- _Provided entries_
::::

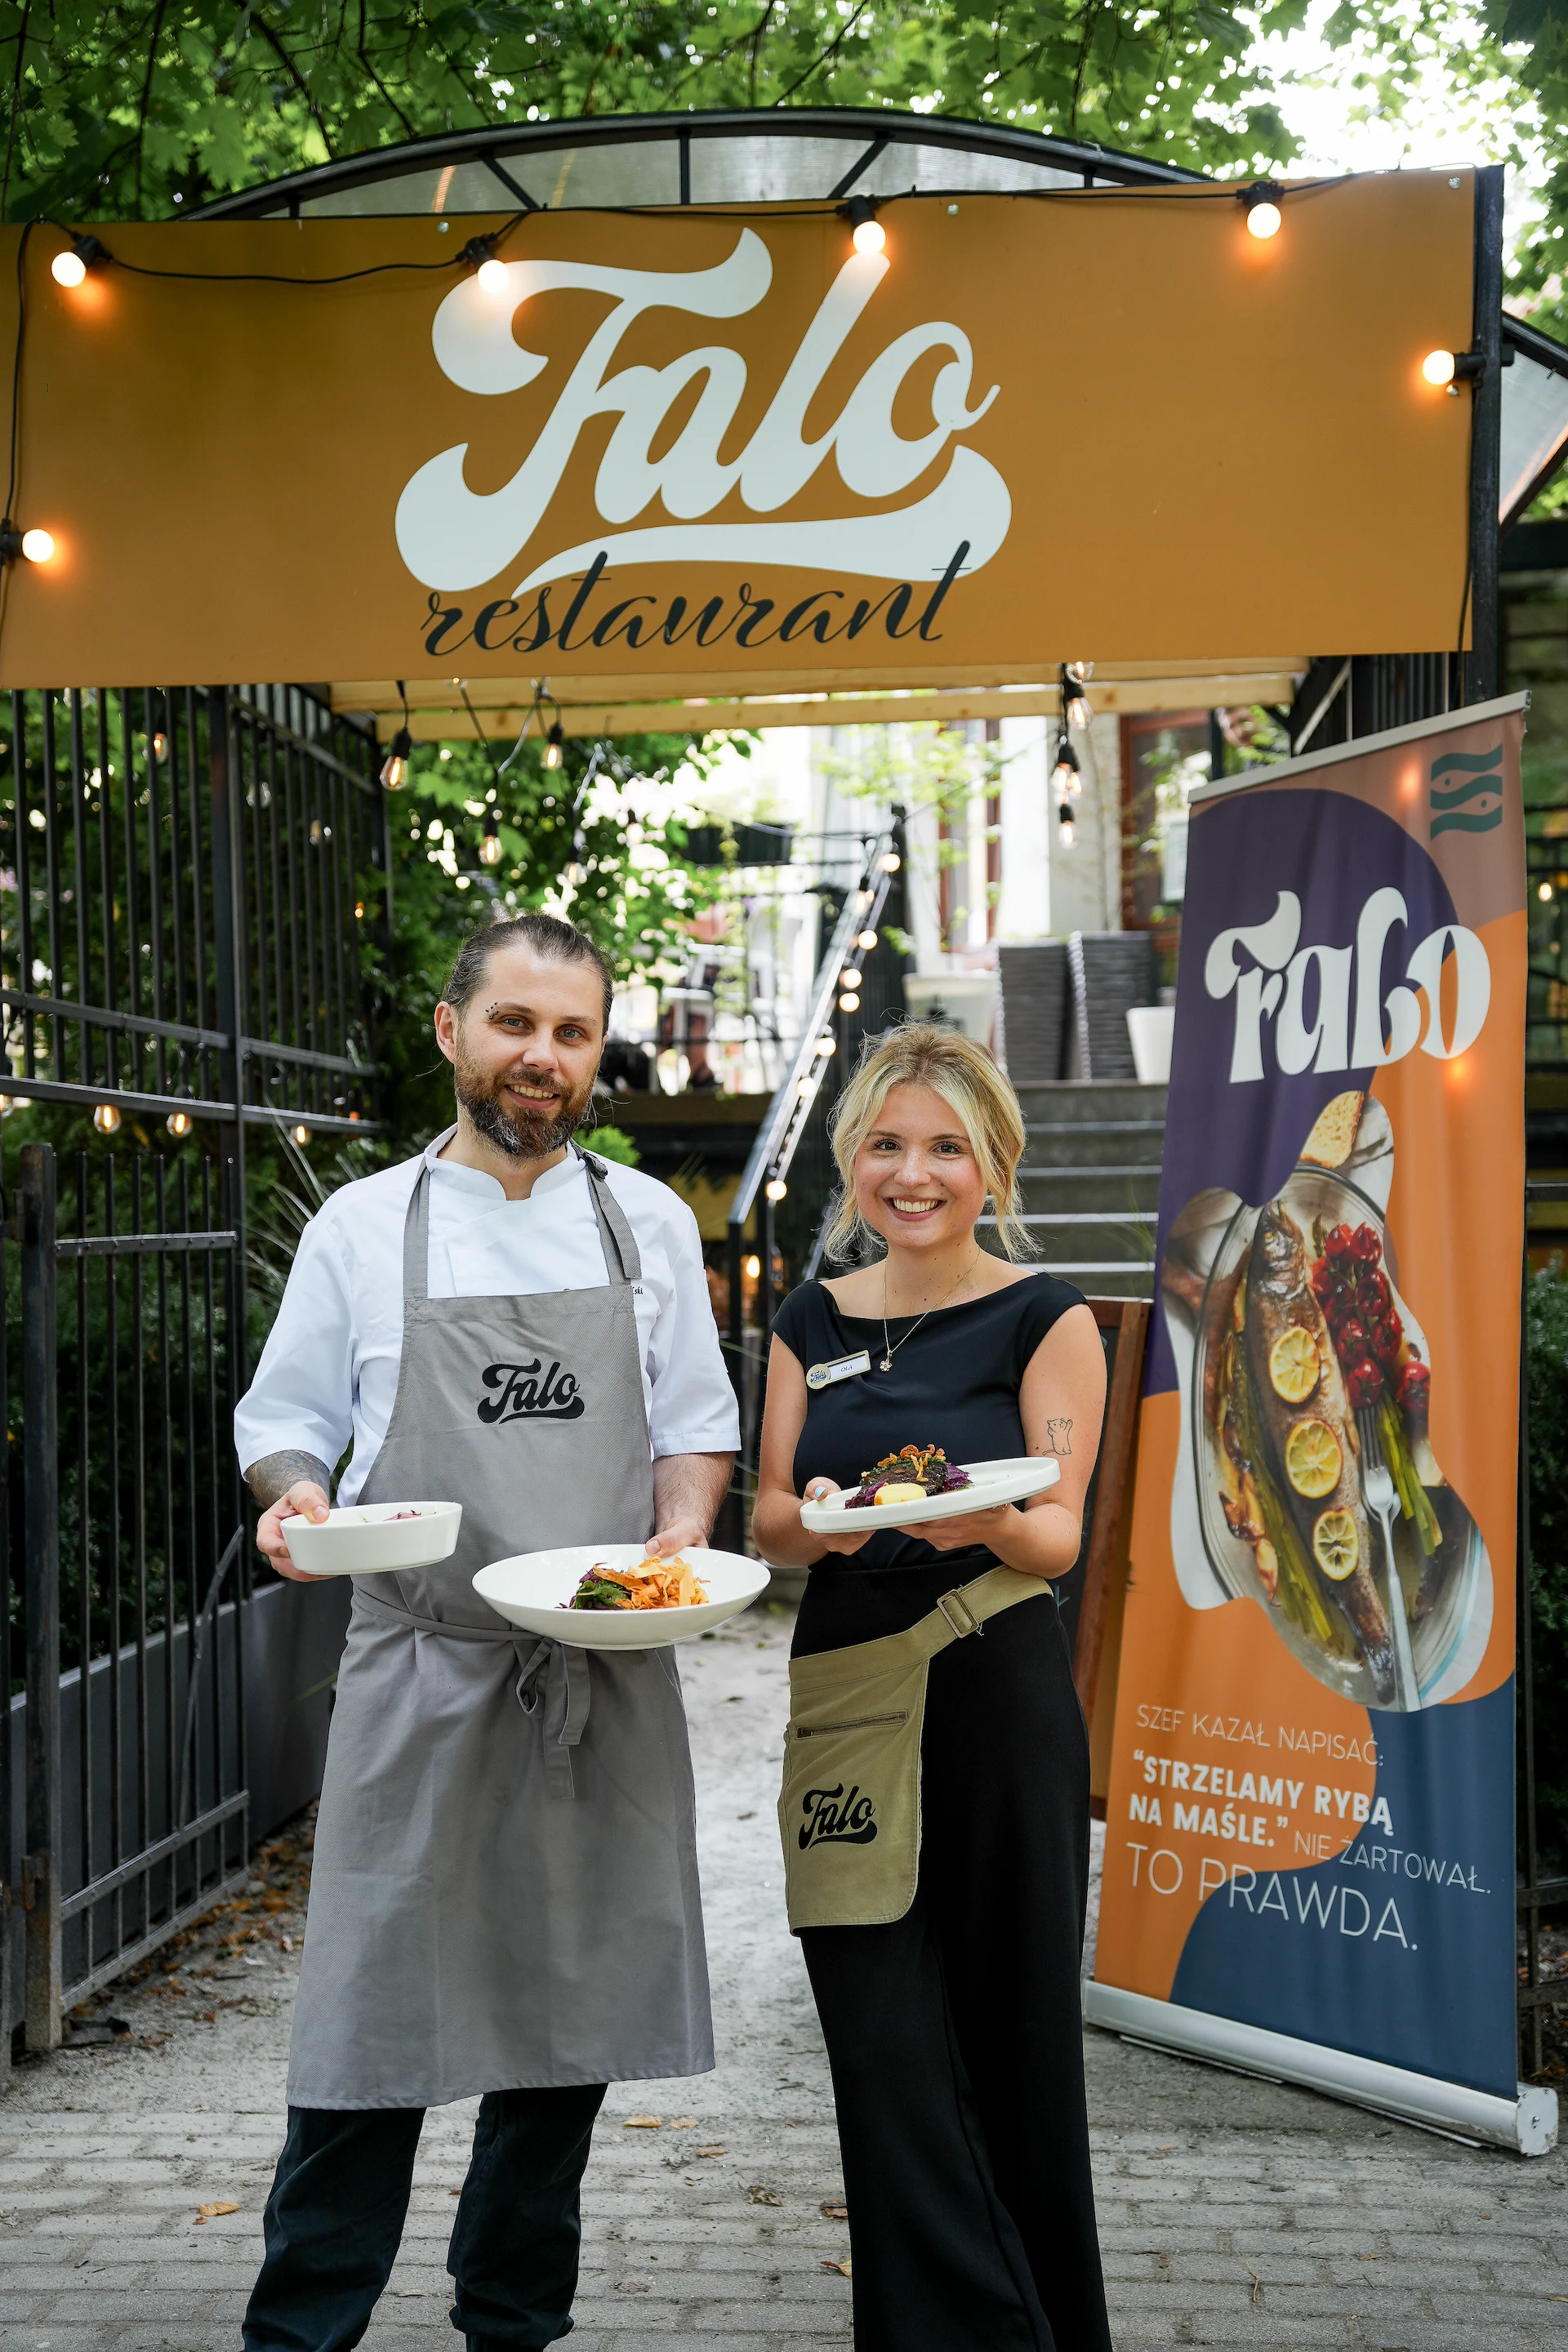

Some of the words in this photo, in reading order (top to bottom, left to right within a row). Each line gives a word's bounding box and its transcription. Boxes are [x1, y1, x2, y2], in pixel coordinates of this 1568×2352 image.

[394, 226, 1013, 599] Falo
[420, 540, 972, 657] restaurant
[477, 1358, 585, 1425] Falo
[1136, 1704, 1185, 1732] SZEF
[1193, 1713, 1271, 1748] KAZAŁ
[1278, 1726, 1384, 1766] NAPISAĆ:
[798, 1783, 878, 1851] Falo
[1129, 1793, 1163, 1827] NA
[1294, 1829, 1333, 1861] NIE
[1340, 1835, 1491, 1895] ŻARTOWAŁ.
[1314, 1785, 1395, 1837] RYBĄ
[1127, 1842, 1183, 1895] TO
[1198, 1857, 1419, 1951] PRAWDA.

::::

- _Aim of the task_
Your answer must be the full listing, copied exactly, with no pictures in it.

- _Exercise response_
Some of the words in this photo, in reading order (top to bottom, left to right within a row). Each line gives a word's bounding box and its transcription. Boxes are [x1, y1, x2, y2], in pixel coordinates of this 1568×2352 image.

[394, 226, 1013, 599] Falo
[420, 540, 972, 657] restaurant
[477, 1358, 585, 1425] Falo
[1136, 1704, 1185, 1732] SZEF
[1193, 1713, 1271, 1748] KAZAŁ
[1278, 1726, 1384, 1766] NAPISAĆ:
[798, 1783, 878, 1851] Falo
[1129, 1793, 1163, 1827] NA
[1294, 1829, 1333, 1861] NIE
[1340, 1835, 1491, 1895] ŻARTOWAŁ.
[1314, 1785, 1395, 1837] RYBĄ
[1127, 1842, 1183, 1895] TO
[1198, 1857, 1419, 1951] PRAWDA.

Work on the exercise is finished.